Her head whirled as emotion coursed through her, though whether it was hers or Stefan’s, carried along on the blood, she didn’t know. Great joys, titanic sorrows and all-encompassing rages brought her to the verge of tears in turn. With each sip she felt she was learning more of Stefan’s heart, his loyalty to his father, his hatred for his father’s enemies, his affection for her, his loneliness, his lust.
At last she could take no more. It was too rich, too overwhelming. She shuddered and slumped back on the table, gasping and looking up at him. His eyes were closed.
‘It was… it was…’ she said.
‘It was, indeed,’ he said, opening his eyes with difficulty and giving her an unfathomable look. ‘You… you are strong in your drinking, sister. You could pull the heart from a man.’
Ulrika’s eyes widened in alarm. ‘I’m sorry,’ she said. ‘I haven’t–?’
He touched her cheek and shook his head. ‘Do not apologise. It was a gift I am blessed to have received.’

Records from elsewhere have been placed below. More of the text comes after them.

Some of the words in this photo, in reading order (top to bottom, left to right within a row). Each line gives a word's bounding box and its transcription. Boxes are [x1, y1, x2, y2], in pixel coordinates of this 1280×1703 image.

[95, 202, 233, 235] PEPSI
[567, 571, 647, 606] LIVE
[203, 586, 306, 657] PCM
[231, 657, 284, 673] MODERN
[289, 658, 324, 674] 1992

She smiled sleepily. ‘It is you who has given me a gift,’ she said, holding up her hands. They were healed. Even the cut from the silver knife was only a thin black scar. ‘I have never felt stronger. Thank you.’
Stefan took the proffered hand. ‘No thanks are necessary,’ he murmured, kissing it. ‘But, I too have wounds. If you would allow…?’

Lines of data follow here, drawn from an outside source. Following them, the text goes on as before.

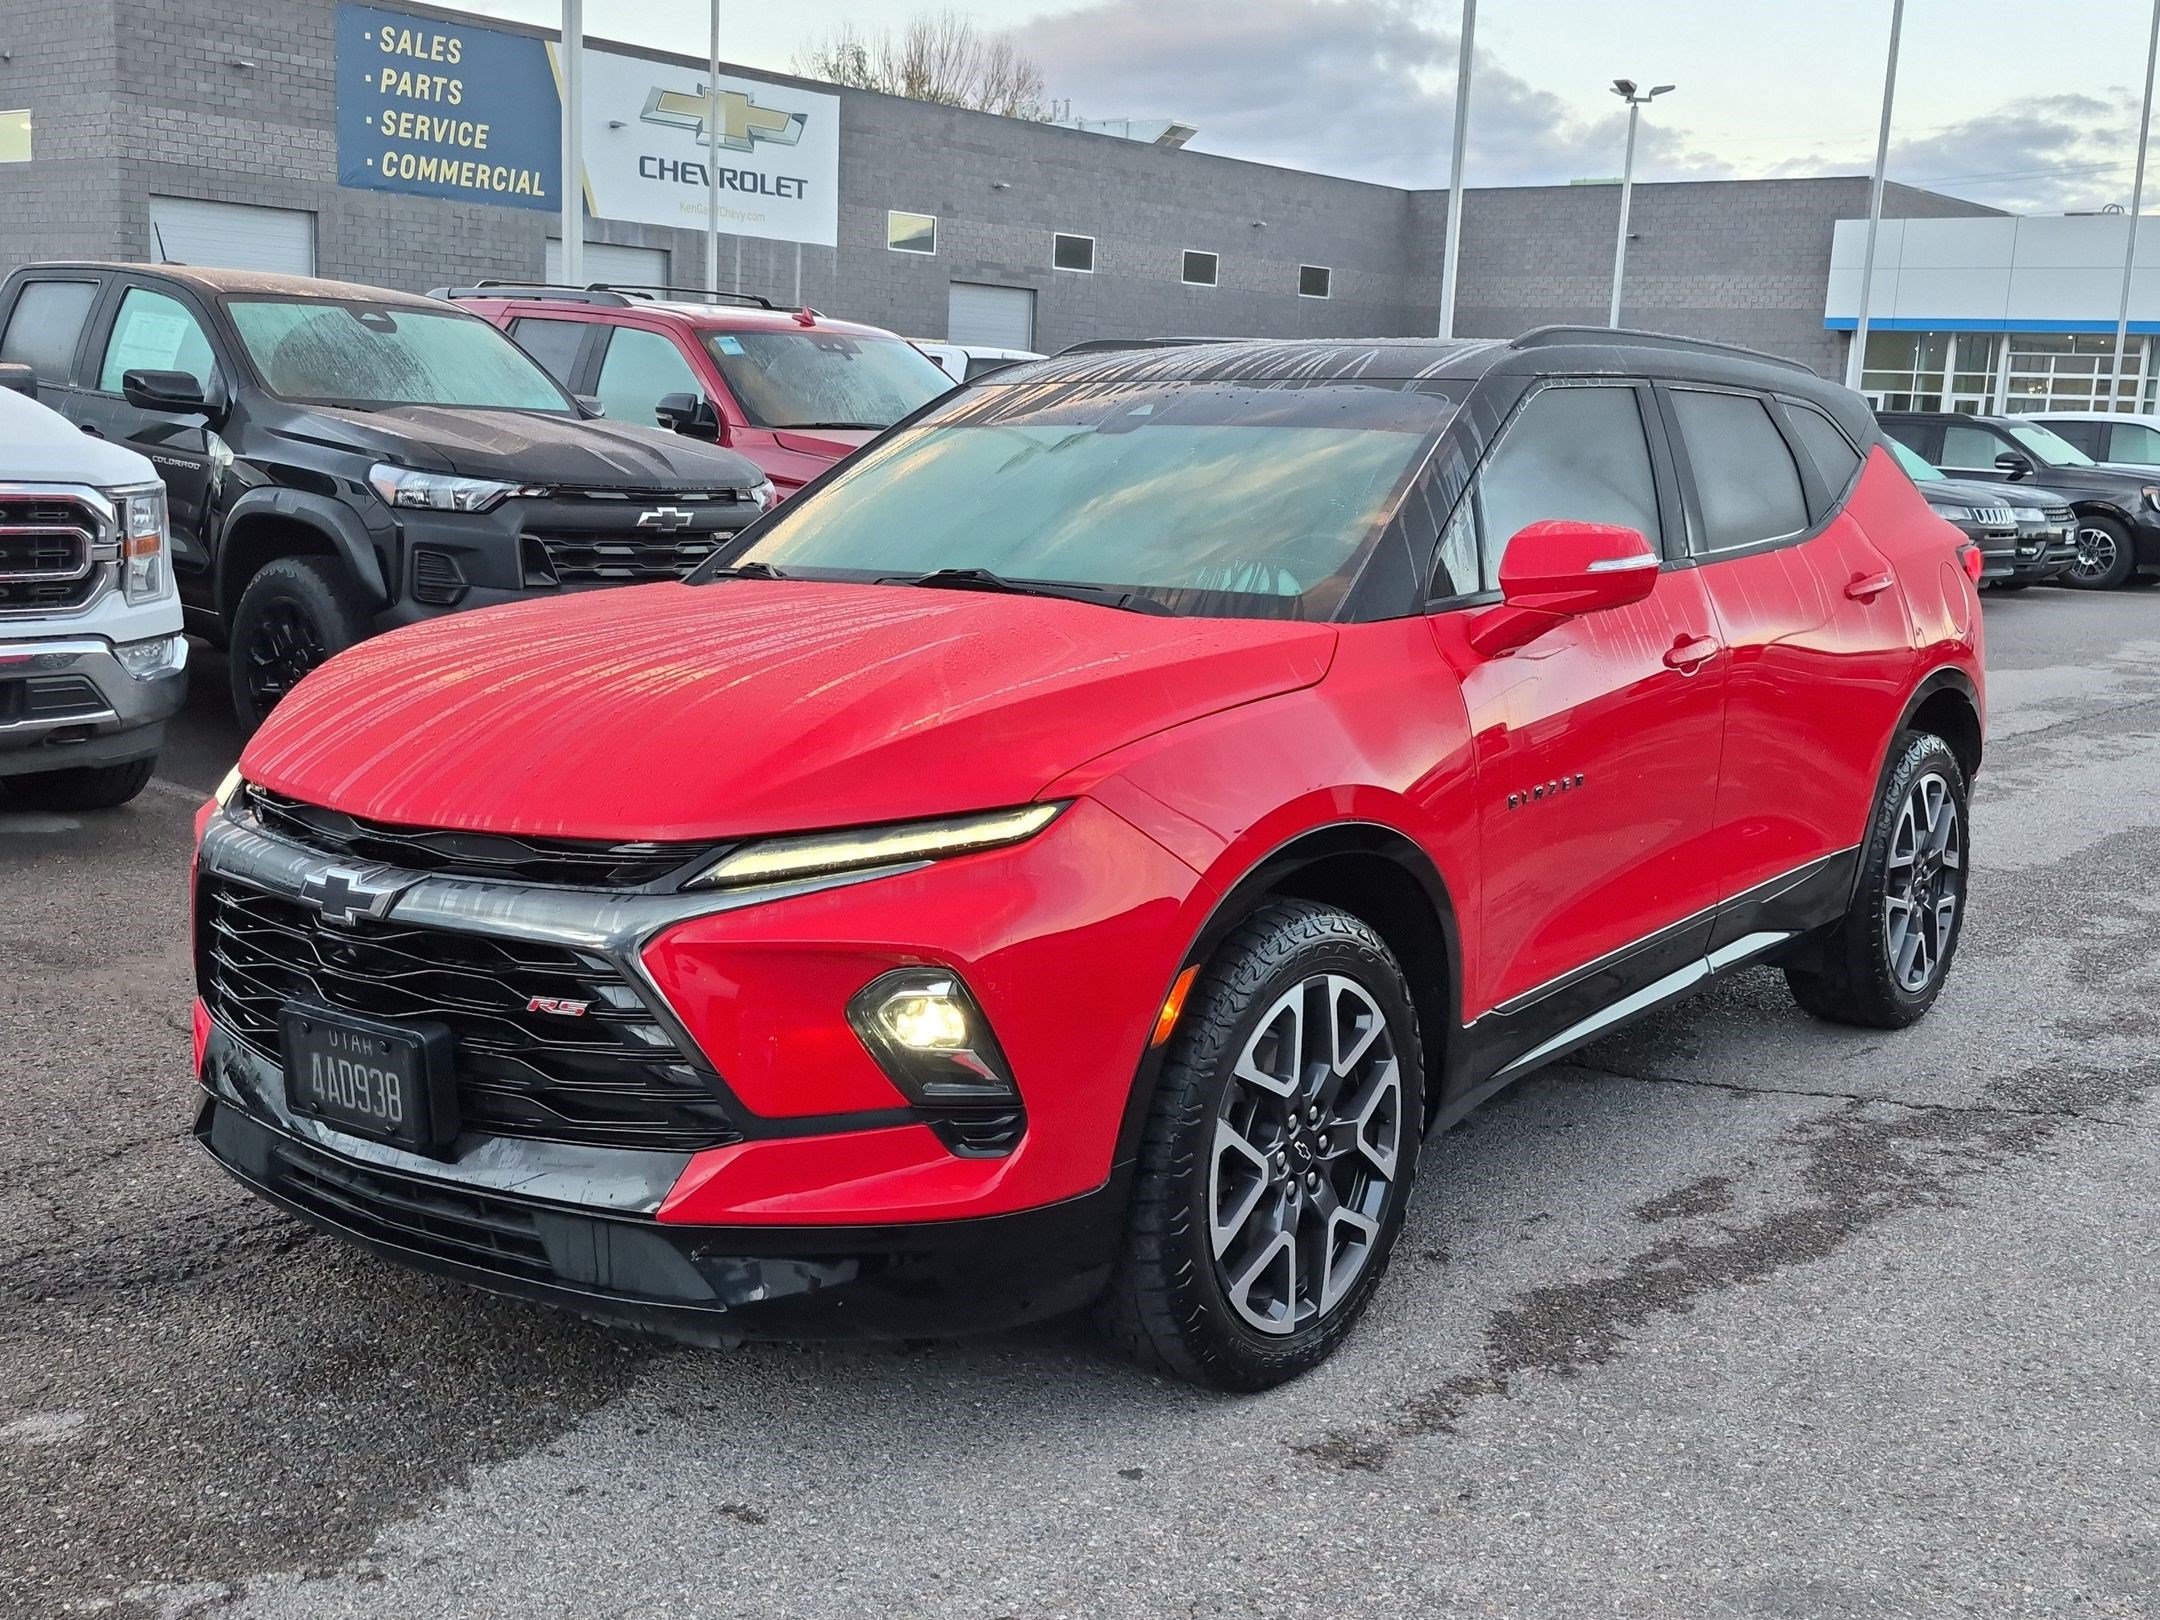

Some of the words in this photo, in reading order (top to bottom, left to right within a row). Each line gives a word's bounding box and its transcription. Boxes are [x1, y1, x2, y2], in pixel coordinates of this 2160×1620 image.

[379, 26, 462, 65] SALES
[380, 67, 463, 105] PARTS
[380, 109, 490, 150] SERVICE
[382, 151, 545, 197] COMMERCIAL
[639, 155, 809, 200] CHEVROLET
[1508, 773, 1584, 810] BLAZER
[526, 997, 588, 1017] RS
[328, 1030, 373, 1056] UTAH

Ulrika hesitated at this further step. It was when one was fed upon that one lost one’s will, but how could she refuse Stefan after he had given so freely of himself? She pulled him down beside her and turned her head. ‘Take what you will.’

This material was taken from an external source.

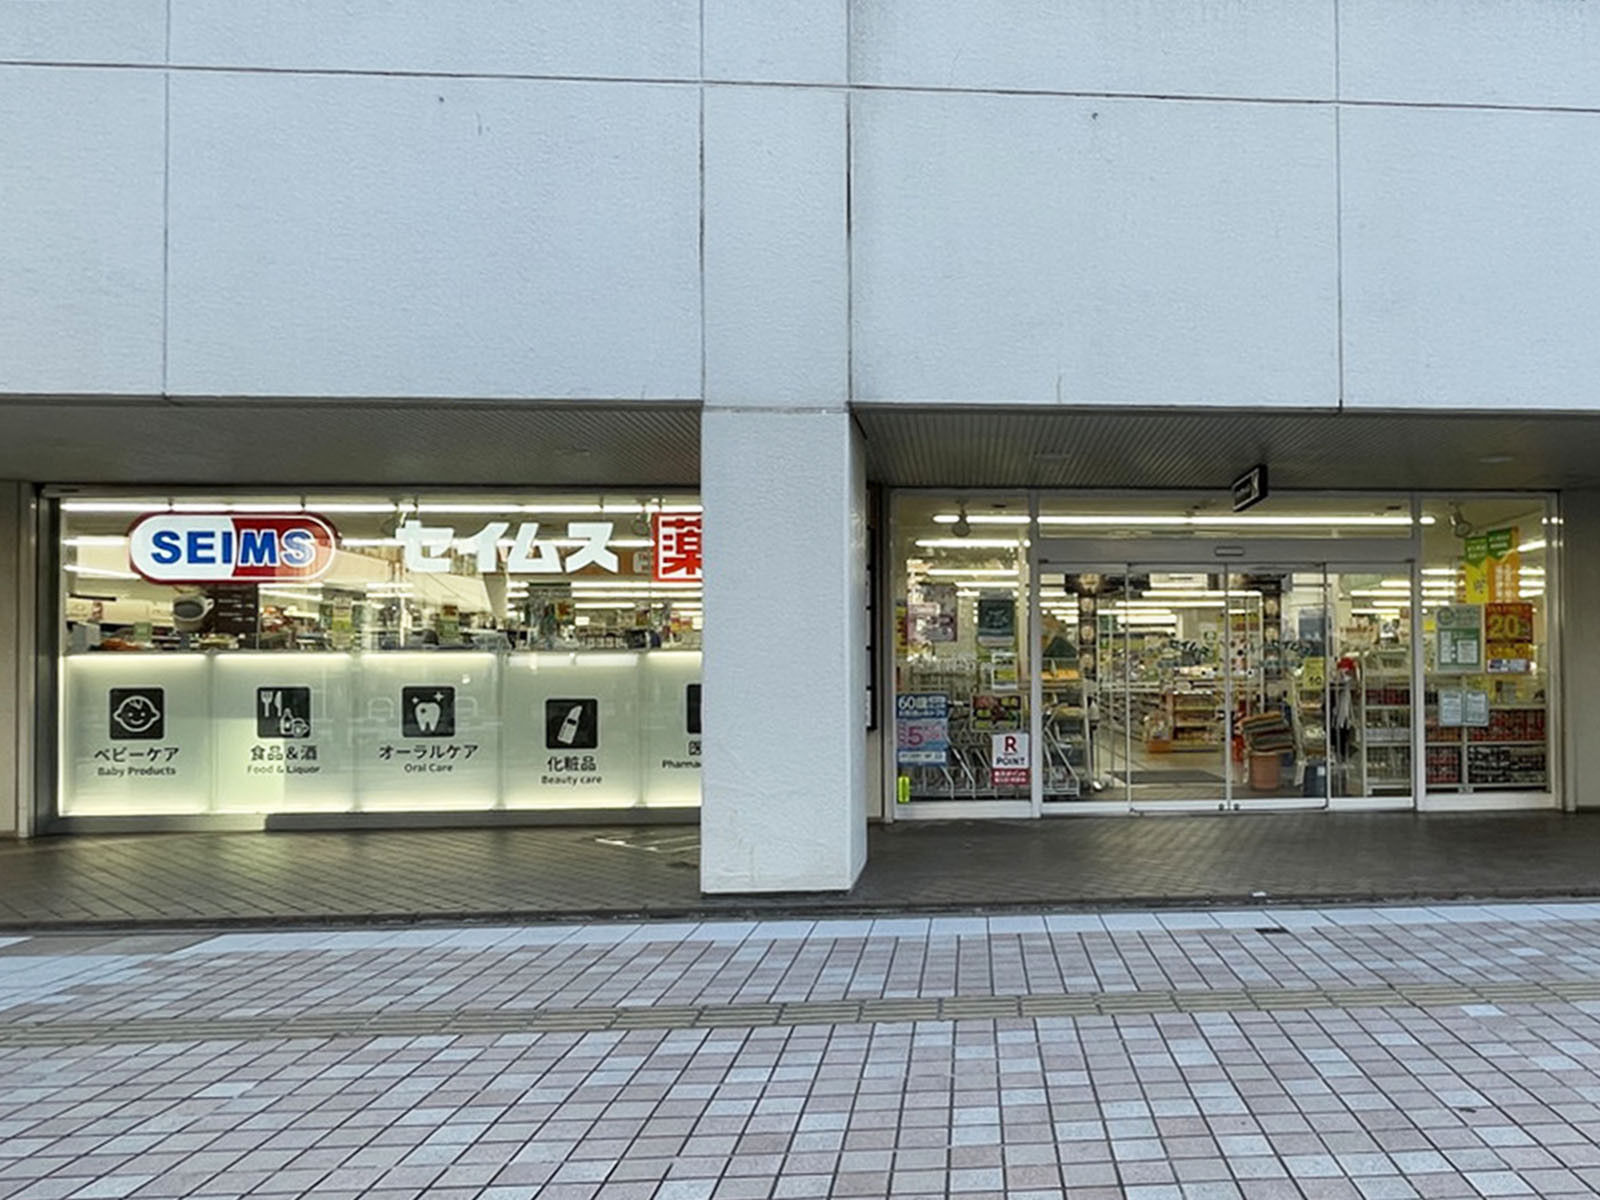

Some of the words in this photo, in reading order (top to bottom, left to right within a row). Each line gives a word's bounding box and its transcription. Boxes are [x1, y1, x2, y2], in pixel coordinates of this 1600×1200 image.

Stefan encircled her in his arms and lowered his lips to her neck. She shivered as he kissed her, both aroused and vaguely unsettled. The last person to drink from her had been Adolphus Krieger, the vile predator who had made her what she had become, and the feel of Stefan’s lips on her throat reminded her of her blood father’s soft manipulations, of the way he had toyed with her and pretended she had a choice in what he did to her. Was Stefan the same, as Evgena had suggested? Was he tricking her in some way? To some unfathomable end?
She almost pushed him away as doubts crept into her heart, but memories of Krieger’s kiss, of the pleasure it had given her, began to push them aside. It had been a pleasure that, to her shame, she had found herself begging for when he denied her it. Her hands remained where they were and she lay still, tensing as Stefan’s sharp teeth dragged across her skin, then sighing and clutching him tight as they pierced her flesh with a delicious shock of pain and found her vein.
She closed her eyes as he began to draw blood from her with gentle pressure. This was a different sort of pleasure than taking blood. That was the pleasure of hunger sated and strength returned. This was the pleasure of control lost and the drifting, sleepy rapture of tension released. The dark memories of Krieger faded away, to be eclipsed by rosy dreams of flying, of gliding with Stefan like dragons in a sky of blood. He was leading her, drawing her on in his wake, and she was happy to follow, to let him choose the path, to give herself up to his will and let him do with her as he pleased. If he wished to drink his fill and let her die, so be it. She would die in bliss, floating towards his warm red sun until it consumed her in its molten core.
She groaned in dismay when he raised his head and the kiss ended. It felt as if a cord between them had been cut, and she was suddenly cold and alone. She cupped the back of his neck and pulled him back down again, but he resisted.
‘I dare not,’ he said. ‘Lest I weaken you too much.’
‘Then let me take more from you,’ she said. ‘And you can take it again.’
She pulled his mouth to hers and bit his lips and tongue, drawing blood and sucking greedily. He bit back. They clawed at one another, tearing away each other’s clothes and writhing against one another.